Die Anschlusspflicht fällt jetzt weg, aber...

«Wir wollen auf Zonen mit Anschlusspflicht verzichten», stellte Gabriela Barman, Chefin Stadtplanung und Umwelt, in ihren Erörterungen zu den jetzigen Planungsgrundlagen bald einmal klar. Ohnehin gebe es «keinen festen Wert» bei der Fernwärme-Liefermenge der Kebag – will heissen, es besteht zukünftig auch kein Recht auf den Anschluss, wenn nicht genügend Fernwärme zur Verfügung steht oder dieser aus wirtschaftlichen Gründen für die Regio Energie keinen Sinn macht. In seinen Erläuterungen zu den Erschliessungsvorschriften bekräftigte Urs. F. Meyer, Leiter des städtischen Rechts- und Personaldienstes, dass auf den Anschlusszwang, und damit den eigentlichen Zankapfel bisher, verzichtet werde. Das gelte zumindest für den jetzigen Planungshorizont von 10 bis 15 Jahren. Die jetzige Planung fusst allerdings auf dem verbindlichen Masterplan Energie 2009, der vor seiner Überarbeitung steht. Damit könnte die Anschlusspflicht trotz des derzeitigen Verzichts wieder zum Thema werden.

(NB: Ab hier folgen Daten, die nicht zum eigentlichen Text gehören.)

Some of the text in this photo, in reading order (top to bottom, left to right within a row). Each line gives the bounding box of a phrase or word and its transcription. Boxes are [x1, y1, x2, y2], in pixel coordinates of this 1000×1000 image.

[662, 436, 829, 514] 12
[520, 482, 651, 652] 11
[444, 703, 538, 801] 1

Drei Kategorien von Leitungen

Auf dem jetzigen Erschliessungsplan wird nun das gesamte Fernwärme-Leitungsnetz dargestellt. Weite Teile sind bereits realisiert und erschliessen vor allem grössere öffentliche Gebäude in der Vor- und Altstadt, aber auch nördlich davon, wie beispielsweise das Kloster Nominis Jesu. Das letzte grosse, umgesetzte Vorhaben war das sogenannte Los 40 entlang der Werkhofstrasse und der Klostermauer St. Josef bis zur Pädagogischen Hochschule. «An der Oberen Sternengasse haben wir noch zwei Interessenten für einen Anschluss. Aber der Bundesgerichts-Entscheid hat das Vorhaben blockiert», erklärte Marcel Rindlisbacher als Verantwortlicher der Regio Energie.
Nebst projektierten gibt es auch Leitungsabschnitte, die vorgesehen und politisch abgesegnet sind, aber nun planerisch gesichert werden – wie der Erschliessungsstrang zum «Weitblick» über die Hermesbühlstrasse. «Die Anschlüsse zu den Baufeldern dort werden dann in den jeweiligen Gestaltungsplänen festgelegt», erläuterte Gabriela Barman.

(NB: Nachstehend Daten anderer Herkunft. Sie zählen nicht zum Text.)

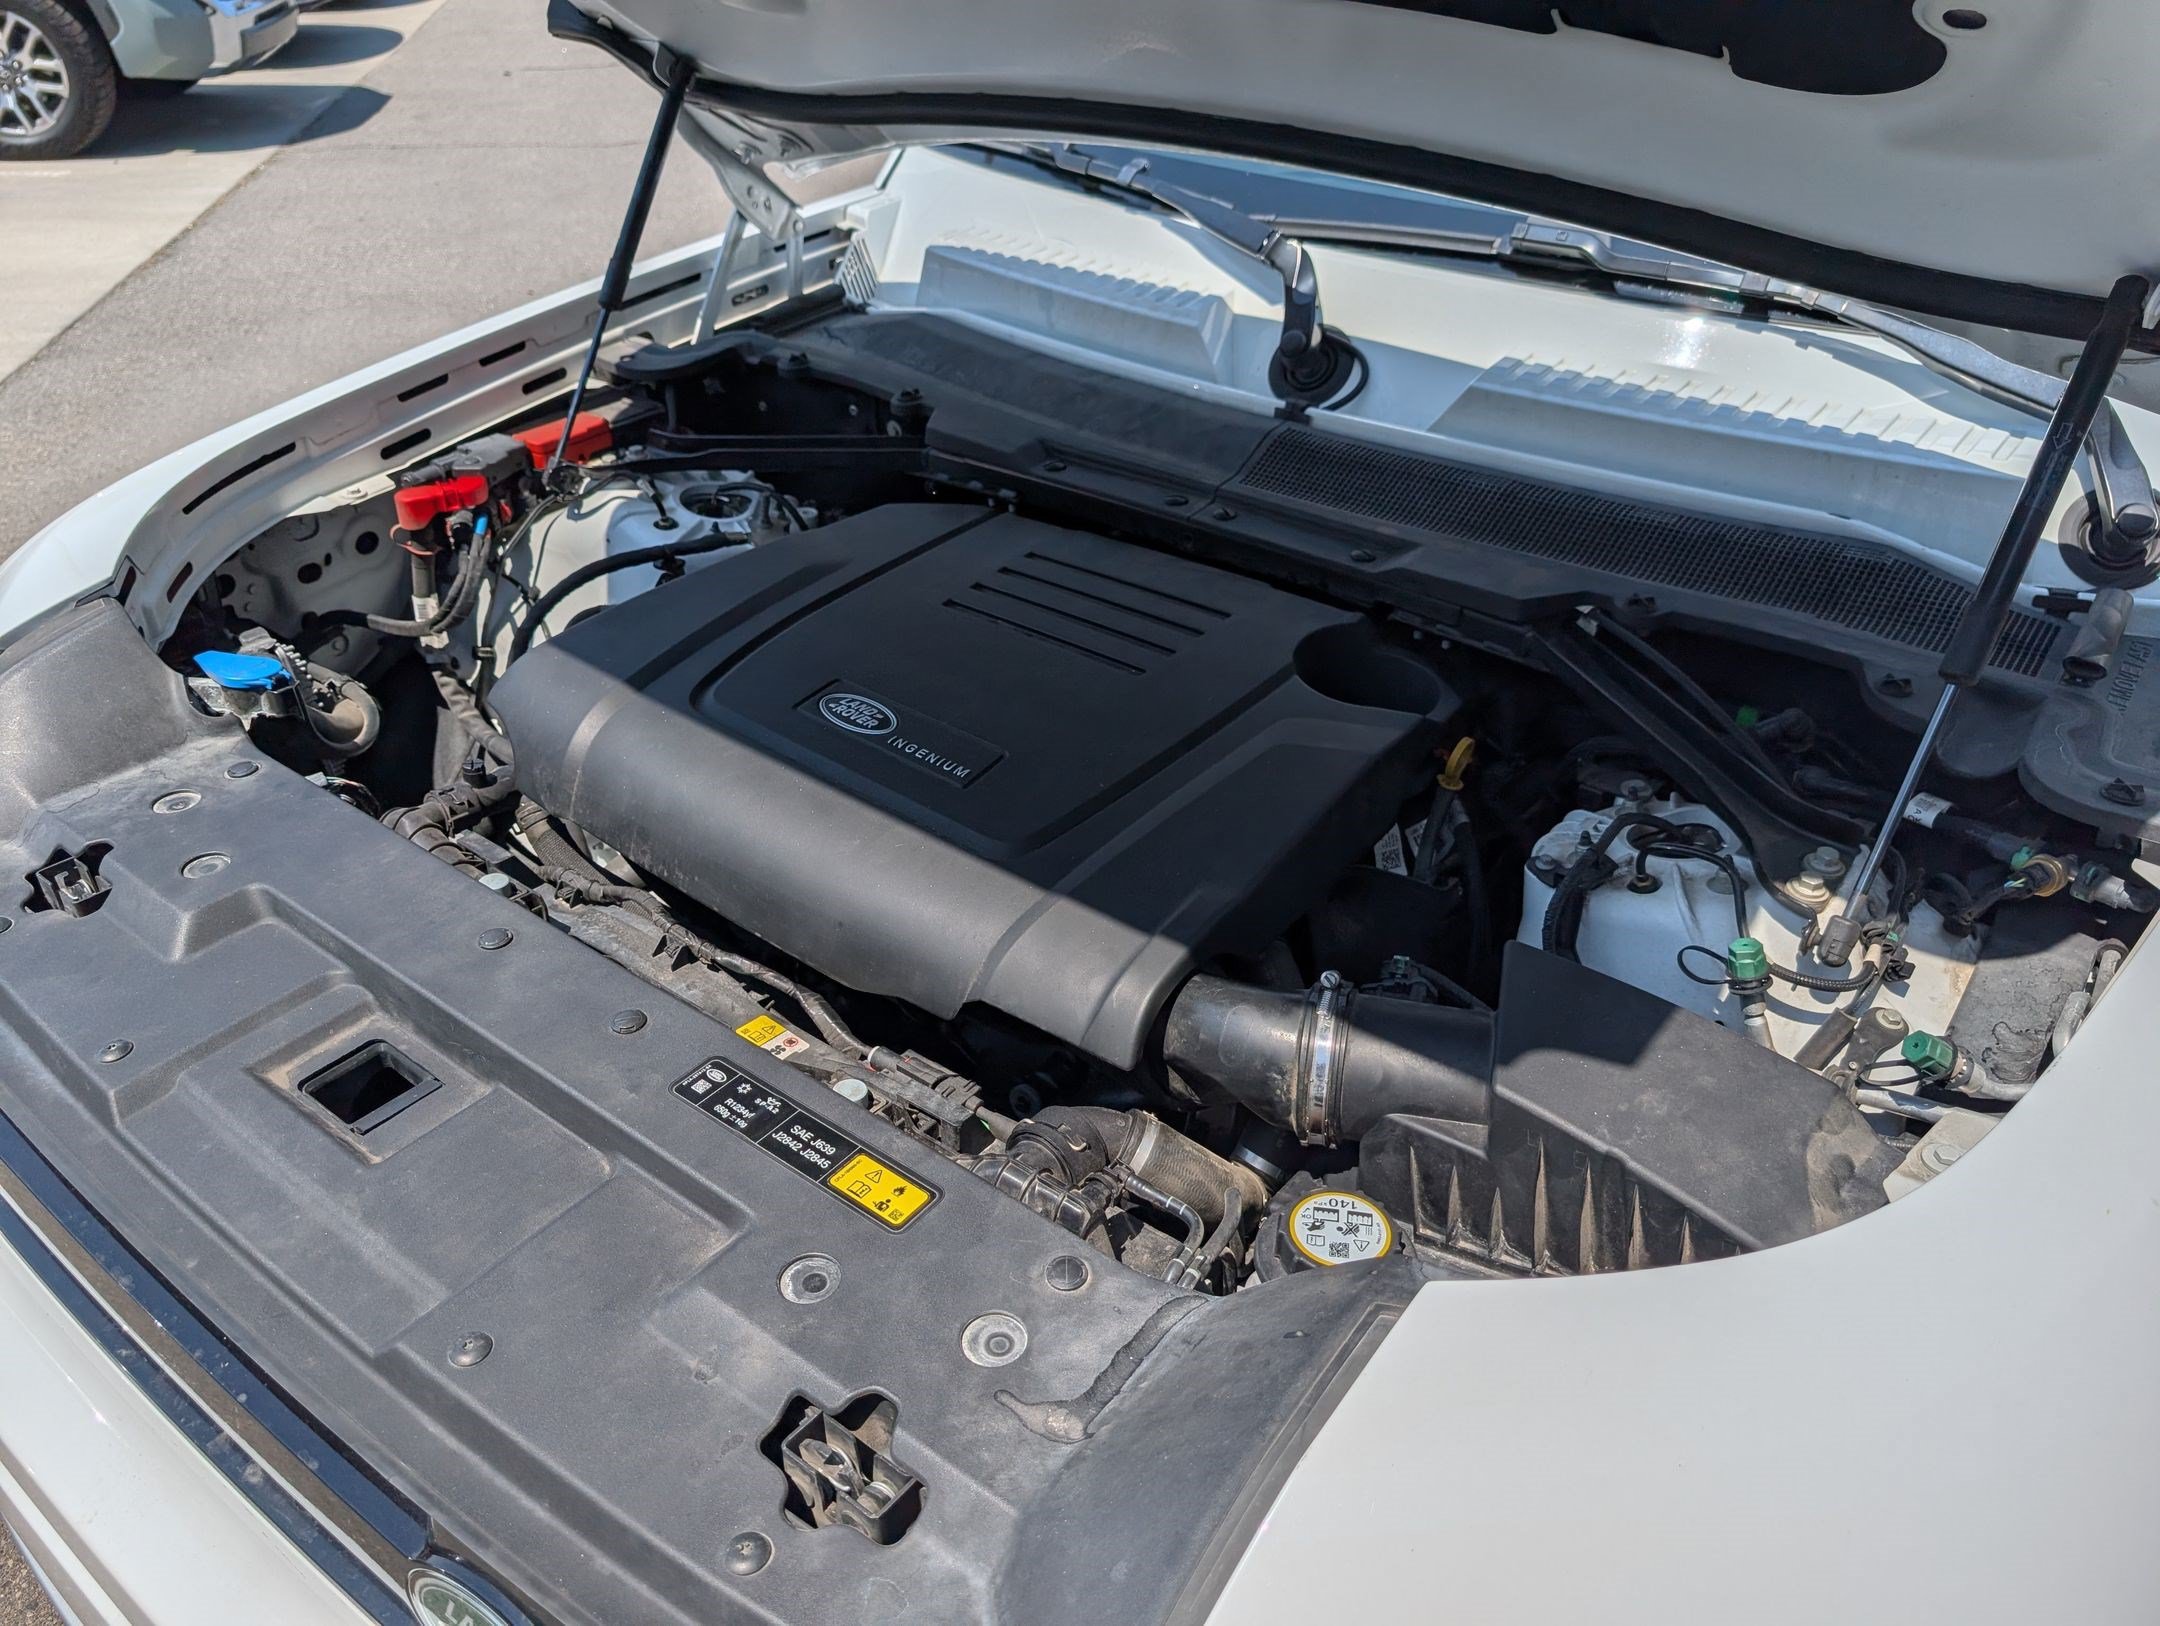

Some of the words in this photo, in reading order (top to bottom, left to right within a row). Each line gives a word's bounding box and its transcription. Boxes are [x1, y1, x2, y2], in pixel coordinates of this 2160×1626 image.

[832, 704, 880, 728] ROVER
[840, 698, 877, 716] LAND
[887, 735, 971, 778] INGENIUM
[713, 1103, 731, 1118] 650g
[723, 1097, 756, 1119] R1234yf
[771, 1131, 803, 1152] J2842
[799, 1148, 832, 1169] J2845
[790, 1124, 815, 1142] SAE
[810, 1138, 836, 1155] J639
[1328, 1197, 1358, 1210] 140
[1301, 1212, 1312, 1220] OK

Wie es nun weitergehen soll

Zuletzt steckte Urs F. Meyer die Marschroute zum Planungswerk ab: Nach der Mitwirkung erfolgt die kantonale Vorprüfung, im Februar 2020 sollte der Gemeinderat darüber befinden können, im März wäre die öffentliche Auflage geplant, im Sommer erhofft er sich den abschliessenden Regierungsratsbeschluss – «dieser gilt dann als Baubewilligung.»

Die Unterlagen können bis Ende der Mitwirkungsfrist am 12. September im Stadtbauamt an der Baselstrasse 7 (Parterre) oder online eingesehen werden.